En febrero elegiremos a nuevas personas tomadoras de decisiones en el Poder Ejecutivo y en el Poder Legislativo. Pero las elecciones son solo el primer paso. La verdadera materialización de la democracia no ocurre el día en que votamos, sino cuando ese voto se traduce en bienestar tangible: en aulas que funcionan, en hospitales que atienden, en calles transitables y en trámites que no desesperan.

La democracia se hace real cuando las fuerzas políticas que llegan al poder vuelven a ver a la gente que las eligió; cuando comprenden que su mandato no es discursivo, sino operativo. Gobernar democráticamente es garantizar que el Estado responda con calidad, eficiencia y empatía a las necesidades de las personas.

Porque la democracia no es un rito electoral: es un pacto cotidiano. Es la escuela pública donde nuestros hijos aprenden y donde deberían aprender a soñar con un futuro mejor. Es el Ebais que detecta a tiempo una enfermedad. Es la calle que conecta comunidades y oportunidades. Es la posibilidad de emprender sin que el papeleo se convierta en una barrera.

Cuando el Estado no cumple, la ciudadanía deja de creer.
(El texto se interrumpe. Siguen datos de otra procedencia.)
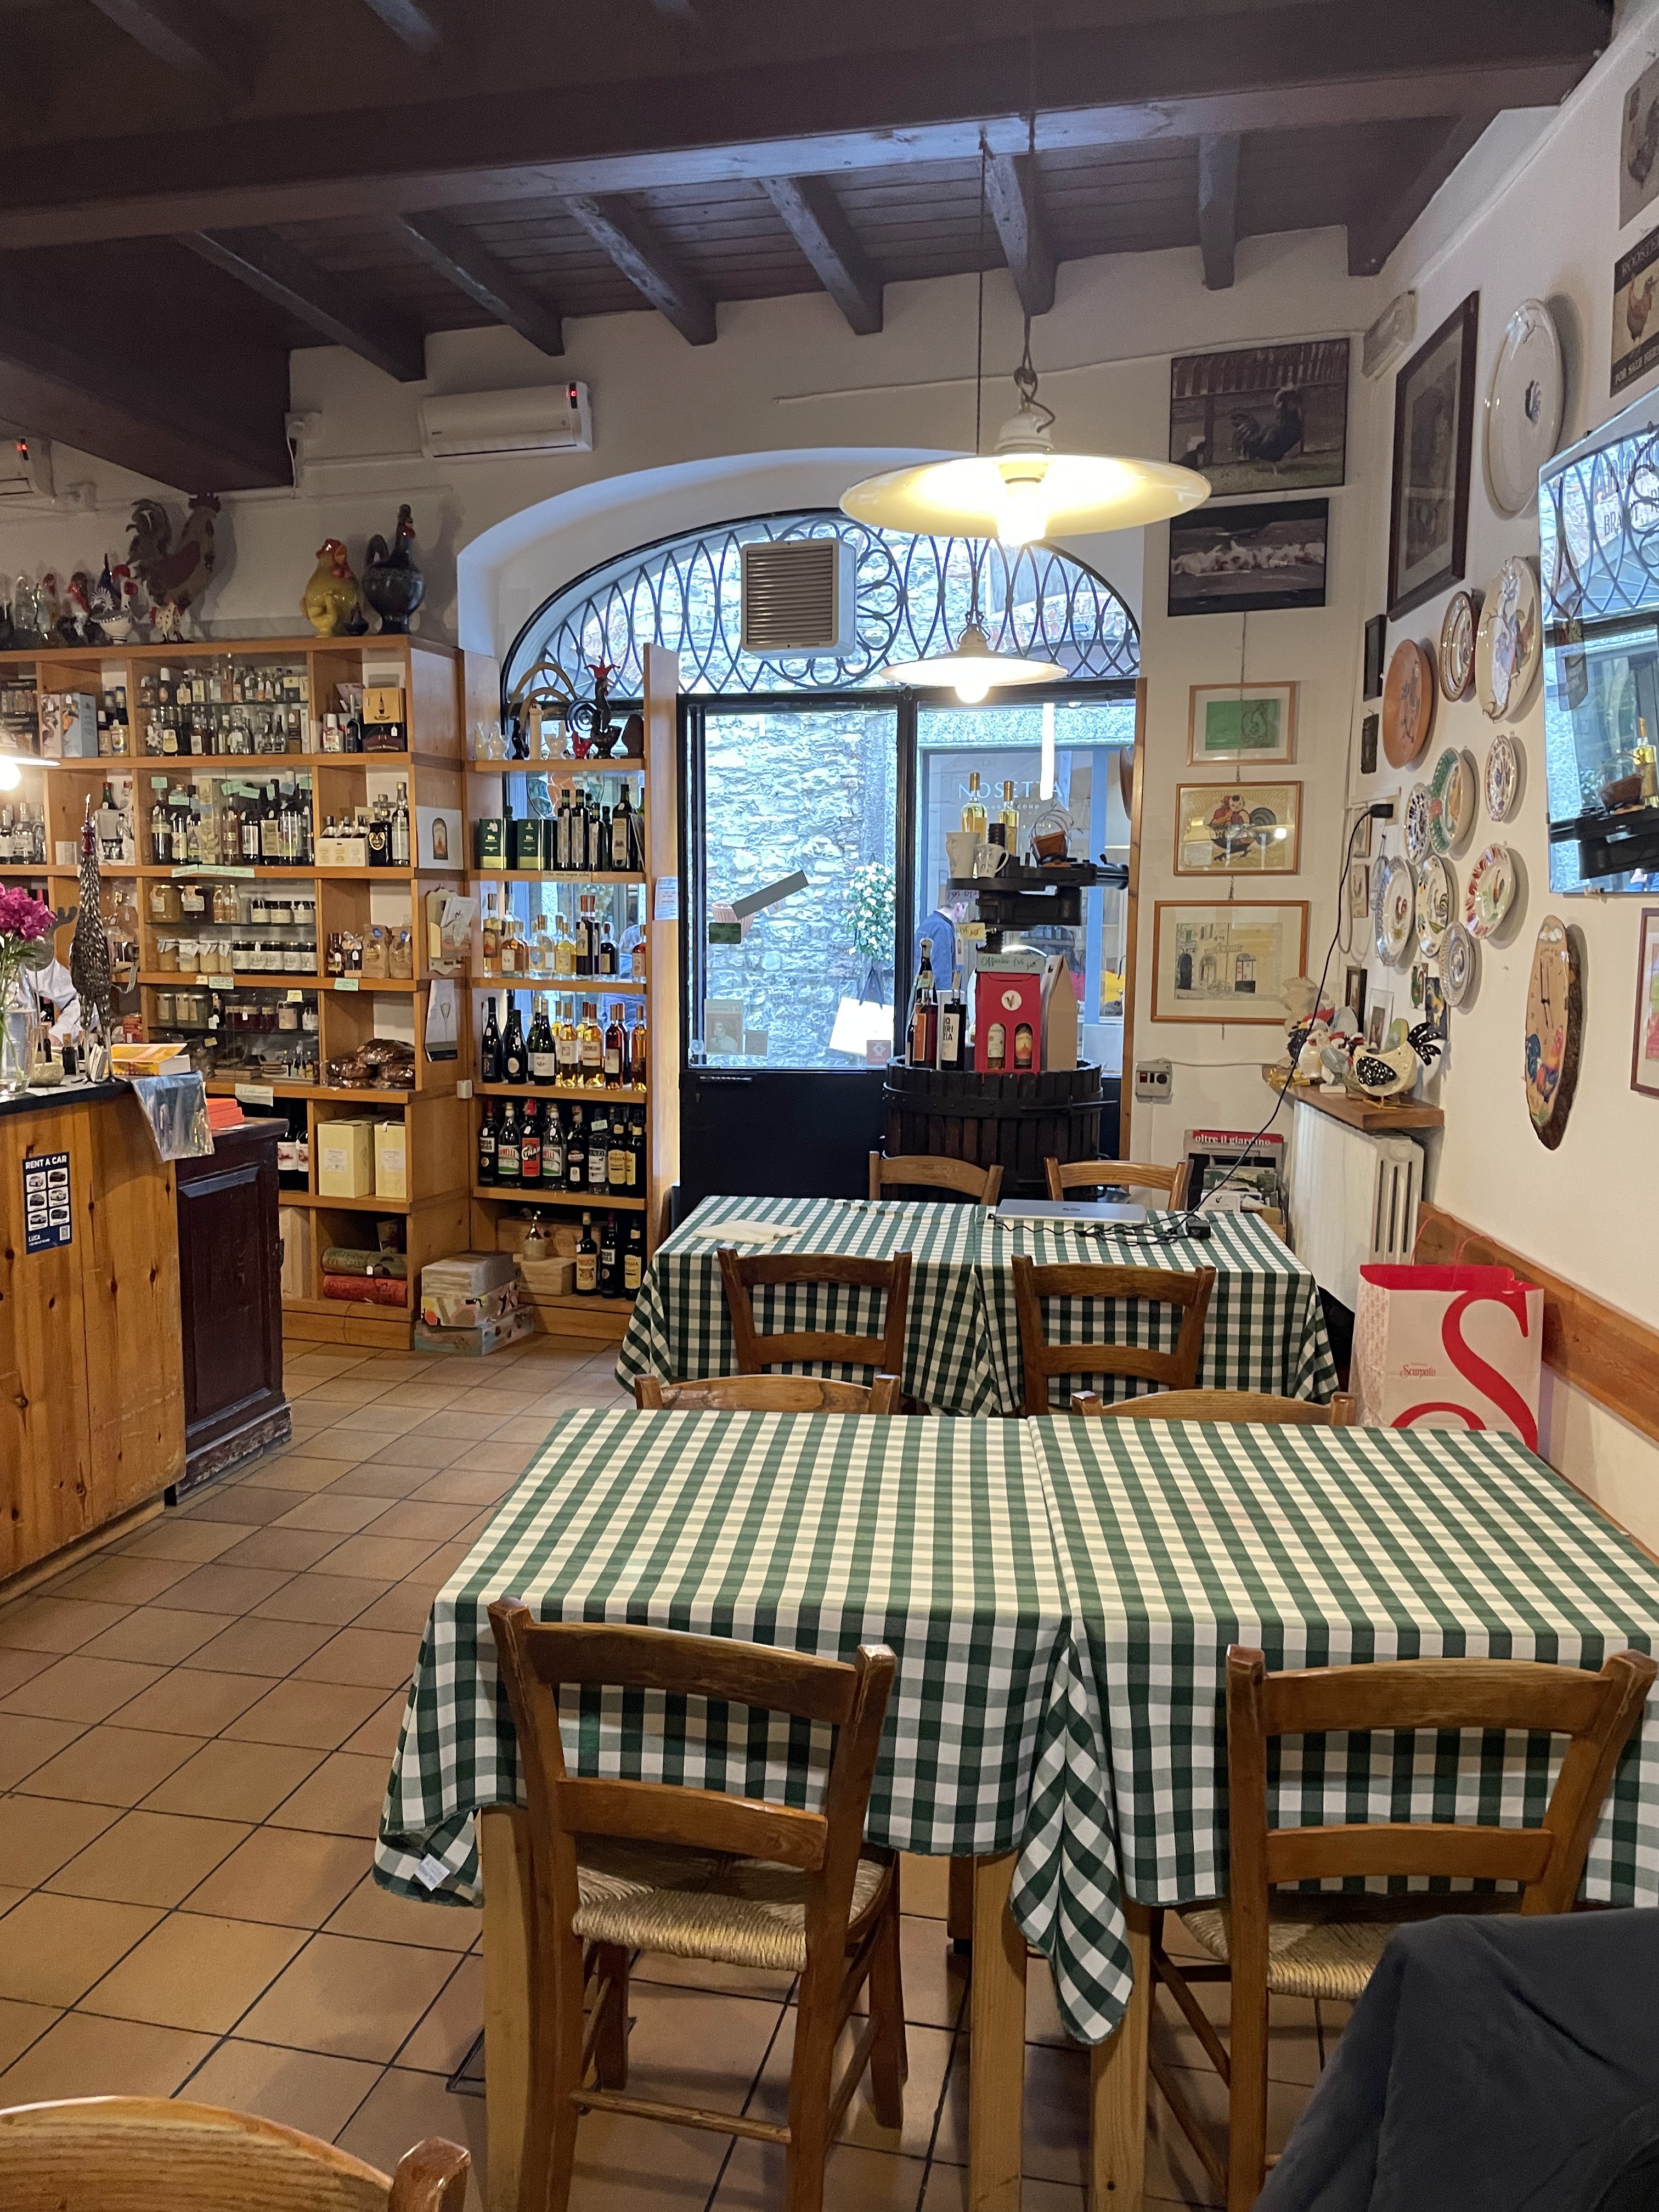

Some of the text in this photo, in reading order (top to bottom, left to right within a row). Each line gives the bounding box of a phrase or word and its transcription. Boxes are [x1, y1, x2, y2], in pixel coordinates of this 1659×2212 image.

Y cuando la gente deja de sentir que la democracia mejora su vida, la democracia misma se debilita. Cada vez que una persona espera meses por una cita médica, que un emprendedor se ahoga entre trámites o que una comunidad sigue aislada porque su calle se volvió intransitable, lo que se erosiona no es solo la gestión pública: es la confianza social.

La tarea de esta generación política es reconstruir esa confianza. Volver a poner al Estado al servicio de la gente. Lograr que cada impuesto se traduzca en bienestar. Que cada institución pública funcione como un puente, no como un muro.

Porque fortalecer la democracia no depende únicamente de votar bien, sino de gobernar bien. Y gobernar bien significa devolverle a las personas lo que el Estado les debe: servicios públicos dignos, ágiles y humanos. Solo así la democracia deja de ser una promesa y se convierte en experiencia.